### WHAT TO WORK ON
Your reply should consist solely of the lines from the one containing "Some of the words" through the end of the data, restated word for word.
━━━━━━━━━━━━━━━━
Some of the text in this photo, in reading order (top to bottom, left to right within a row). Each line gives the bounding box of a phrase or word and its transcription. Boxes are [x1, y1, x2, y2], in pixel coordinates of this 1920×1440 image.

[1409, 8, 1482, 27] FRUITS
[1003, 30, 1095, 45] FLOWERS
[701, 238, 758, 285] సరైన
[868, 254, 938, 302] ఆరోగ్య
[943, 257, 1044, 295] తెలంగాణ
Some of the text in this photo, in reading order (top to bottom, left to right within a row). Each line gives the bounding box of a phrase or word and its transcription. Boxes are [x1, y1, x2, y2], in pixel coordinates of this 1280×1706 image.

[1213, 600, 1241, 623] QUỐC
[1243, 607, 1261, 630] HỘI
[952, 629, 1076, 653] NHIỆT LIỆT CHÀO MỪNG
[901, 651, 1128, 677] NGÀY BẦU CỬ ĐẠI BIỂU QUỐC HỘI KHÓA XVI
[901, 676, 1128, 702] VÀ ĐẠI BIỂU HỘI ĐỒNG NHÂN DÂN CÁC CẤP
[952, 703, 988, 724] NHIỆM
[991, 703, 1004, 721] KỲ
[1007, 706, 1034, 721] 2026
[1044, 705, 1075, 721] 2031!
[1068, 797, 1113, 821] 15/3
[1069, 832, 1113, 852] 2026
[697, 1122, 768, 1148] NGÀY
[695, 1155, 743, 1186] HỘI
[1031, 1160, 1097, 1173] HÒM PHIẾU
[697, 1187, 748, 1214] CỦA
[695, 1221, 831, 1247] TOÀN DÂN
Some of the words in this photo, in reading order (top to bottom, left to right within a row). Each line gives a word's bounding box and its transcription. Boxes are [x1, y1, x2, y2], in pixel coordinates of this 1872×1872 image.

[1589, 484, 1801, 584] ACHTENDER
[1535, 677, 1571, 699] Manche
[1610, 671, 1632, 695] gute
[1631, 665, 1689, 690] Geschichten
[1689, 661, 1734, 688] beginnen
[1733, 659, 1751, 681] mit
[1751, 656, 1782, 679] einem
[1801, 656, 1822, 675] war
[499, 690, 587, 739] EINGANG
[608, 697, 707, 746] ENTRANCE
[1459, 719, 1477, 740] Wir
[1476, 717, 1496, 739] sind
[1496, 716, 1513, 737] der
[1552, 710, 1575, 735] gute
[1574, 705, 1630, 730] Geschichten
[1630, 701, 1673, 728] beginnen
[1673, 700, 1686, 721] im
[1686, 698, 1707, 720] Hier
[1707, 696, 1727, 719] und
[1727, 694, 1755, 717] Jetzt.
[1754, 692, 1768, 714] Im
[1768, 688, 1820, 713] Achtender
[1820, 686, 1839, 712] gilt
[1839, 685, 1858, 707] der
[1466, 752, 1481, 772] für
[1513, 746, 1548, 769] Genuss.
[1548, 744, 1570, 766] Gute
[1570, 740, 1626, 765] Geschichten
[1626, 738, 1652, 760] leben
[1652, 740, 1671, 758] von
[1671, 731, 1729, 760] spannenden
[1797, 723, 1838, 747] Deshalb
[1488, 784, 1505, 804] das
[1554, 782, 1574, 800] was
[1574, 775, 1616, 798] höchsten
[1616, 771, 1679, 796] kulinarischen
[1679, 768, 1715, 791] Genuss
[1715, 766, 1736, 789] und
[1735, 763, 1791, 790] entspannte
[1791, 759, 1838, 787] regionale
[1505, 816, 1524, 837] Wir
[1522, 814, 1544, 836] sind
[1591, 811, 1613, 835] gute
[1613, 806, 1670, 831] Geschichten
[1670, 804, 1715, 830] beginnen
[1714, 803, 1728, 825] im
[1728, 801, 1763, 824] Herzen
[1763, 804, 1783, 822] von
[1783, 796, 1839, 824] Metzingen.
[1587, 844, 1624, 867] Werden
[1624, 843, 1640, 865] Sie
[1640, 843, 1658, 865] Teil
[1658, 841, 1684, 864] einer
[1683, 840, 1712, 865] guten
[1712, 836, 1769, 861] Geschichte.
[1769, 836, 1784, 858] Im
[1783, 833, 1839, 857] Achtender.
━━━━━━━━━━━━━━━━
### RESPONSE AREA
Some of the words in this photo, in reading order (top to bottom, left to right within a row). Each line gives a word's bounding box and its transcription. Boxes are [x1, y1, x2, y2], in pixel coordinates of this 1872×1872 image.

[1589, 484, 1801, 584] ACHTENDER
[1535, 677, 1571, 699] Manche
[1610, 671, 1632, 695] gute
[1631, 665, 1689, 690] Geschichten
[1689, 661, 1734, 688] beginnen
[1733, 659, 1751, 681] mit
[1751, 656, 1782, 679] einem
[1801, 656, 1822, 675] war
[499, 690, 587, 739] EINGANG
[608, 697, 707, 746] ENTRANCE
[1459, 719, 1477, 740] Wir
[1476, 717, 1496, 739] sind
[1496, 716, 1513, 737] der
[1552, 710, 1575, 735] gute
[1574, 705, 1630, 730] Geschichten
[1630, 701, 1673, 728] beginnen
[1673, 700, 1686, 721] im
[1686, 698, 1707, 720] Hier
[1707, 696, 1727, 719] und
[1727, 694, 1755, 717] Jetzt.
[1754, 692, 1768, 714] Im
[1768, 688, 1820, 713] Achtender
[1820, 686, 1839, 712] gilt
[1839, 685, 1858, 707] der
[1466, 752, 1481, 772] für
[1513, 746, 1548, 769] Genuss.
[1548, 744, 1570, 766] Gute
[1570, 740, 1626, 765] Geschichten
[1626, 738, 1652, 760] leben
[1652, 740, 1671, 758] von
[1671, 731, 1729, 760] spannenden
[1797, 723, 1838, 747] Deshalb
[1488, 784, 1505, 804] das
[1554, 782, 1574, 800] was
[1574, 775, 1616, 798] höchsten
[1616, 771, 1679, 796] kulinarischen
[1679, 768, 1715, 791] Genuss
[1715, 766, 1736, 789] und
[1735, 763, 1791, 790] entspannte
[1791, 759, 1838, 787] regionale
[1505, 816, 1524, 837] Wir
[1522, 814, 1544, 836] sind
[1591, 811, 1613, 835] gute
[1613, 806, 1670, 831] Geschichten
[1670, 804, 1715, 830] beginnen
[1714, 803, 1728, 825] im
[1728, 801, 1763, 824] Herzen
[1763, 804, 1783, 822] von
[1783, 796, 1839, 824] Metzingen.
[1587, 844, 1624, 867] Werden
[1624, 843, 1640, 865] Sie
[1640, 843, 1658, 865] Teil
[1658, 841, 1684, 864] einer
[1683, 840, 1712, 865] guten
[1712, 836, 1769, 861] Geschichte.
[1769, 836, 1784, 858] Im
[1783, 833, 1839, 857] Achtender.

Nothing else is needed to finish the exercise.